Громадные черные глыбы травянистых прибрежных камней китовыми спинами выныривают из пробегающих волн. А чайки хохочут и дразнят их, и, пугливо взлетая, прячутся за низкими тучами, как цирковые шуты за занавес.
Сегодня его праздник. Его берег и его море. И сосульки, и камни, которые с каждым ударом россыпью скатываются вниз, в море, а с накатом новой волны снова вбиваются в берег, в искры и звон, — для него. «Для меня-а! — кричит он. — Я — геро-ой… моря-а!» — добавляет, хрипя и приседая. И эхо утопает, как берег в набегающую волну. Все замедляется. В секундной пустоте между гребнями — убегающим белым и стремительно падающим на него сверху зеленым — вода исчезает, всасываясь в свистящие водовороты, в мелькнувшие стебли морской травы, в кипящий песок… и бесцветные птицы успевают упасть и взлететь, выщипнув ошалевшую рыбу из пузырчатых глаз грязной пены.
Ноги скользят и разъезжаются по мокрым обледенелым камням, проваливаются в коричнево-черные заломы морской травы. Отдельные водяные обвалы, алчно заглатывая берег, дотягиваются и до него, мгновенно обвивая и облизывая голенища высоких резиновых сапог.

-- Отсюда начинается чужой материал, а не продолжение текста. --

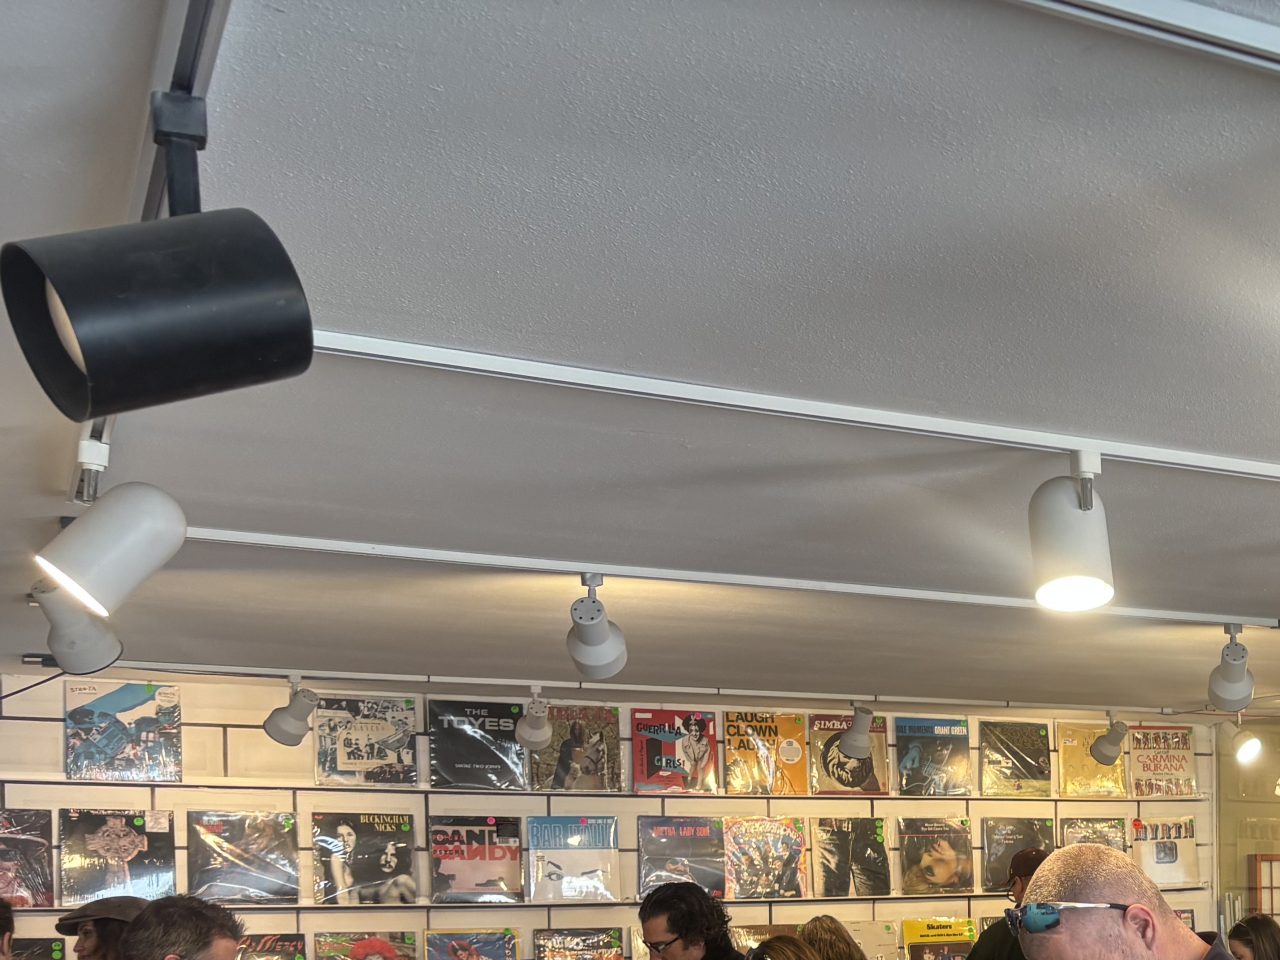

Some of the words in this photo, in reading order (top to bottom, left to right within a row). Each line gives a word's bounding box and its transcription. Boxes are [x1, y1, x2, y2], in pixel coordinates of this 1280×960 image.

[438, 716, 514, 730] TOYES
[725, 711, 775, 723] LAUGH
[636, 723, 682, 736] GUERRILLA
[726, 724, 779, 737] CLOWN
[813, 720, 848, 730] SIMBA
[934, 726, 950, 735] GRANT
[951, 727, 967, 735] GREEN
[726, 739, 775, 751] LAUH
[655, 756, 685, 768] GIRLS!
[1137, 755, 1188, 763] CARMINA
[1143, 763, 1184, 772] BURANA
[360, 815, 409, 823] BUCKINGHAM
[375, 823, 397, 832] NICKS
[530, 824, 563, 848] BAR

Сердито шипит, оседая, выдавливая из-под себя убегающие струи, пена. Какой-то кусок дерева или пробки долго летит на гребне волны в берег, исчезает и появляется вновь уже далеко от этого места, бумерангом возвращается в море.

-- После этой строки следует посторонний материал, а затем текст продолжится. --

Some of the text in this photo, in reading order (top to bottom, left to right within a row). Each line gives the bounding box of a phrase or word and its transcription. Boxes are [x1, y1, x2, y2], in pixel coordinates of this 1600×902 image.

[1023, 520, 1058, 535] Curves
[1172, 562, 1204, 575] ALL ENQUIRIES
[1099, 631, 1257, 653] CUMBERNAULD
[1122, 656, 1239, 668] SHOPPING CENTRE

Он бредет по бесконечному нагромождению веток, досок, деревьев, стеклянных и пластмассовых бутылок, мазута, тряпок, которые в невероятном количестве остаются после каждого шторма на берегу и потом исчезают неизвестно куда так же неожиданно, как и появились. И эта кошмарная полоса берега и прибоя дразнит и манит щедрыми осколками жизни: флакончики и пузырьки с таинственными именами и знаками, детские игрушки и обувь, полные следов океанского странствия, рыбацкие кухтыли, как запаянные в стекло солнечные брызги, просто ветки и камни, или обрывки канатов, или натруженные обломки корабельных весел — все мокрое, отяжеленное морем, перламутровыми нашлепками мелких ракушек, — все это появится, полежит на берегу, дразня и издеваясь над нашим покоем, и, однажды, исчезнет, подхваченное новыми штормами и ветром.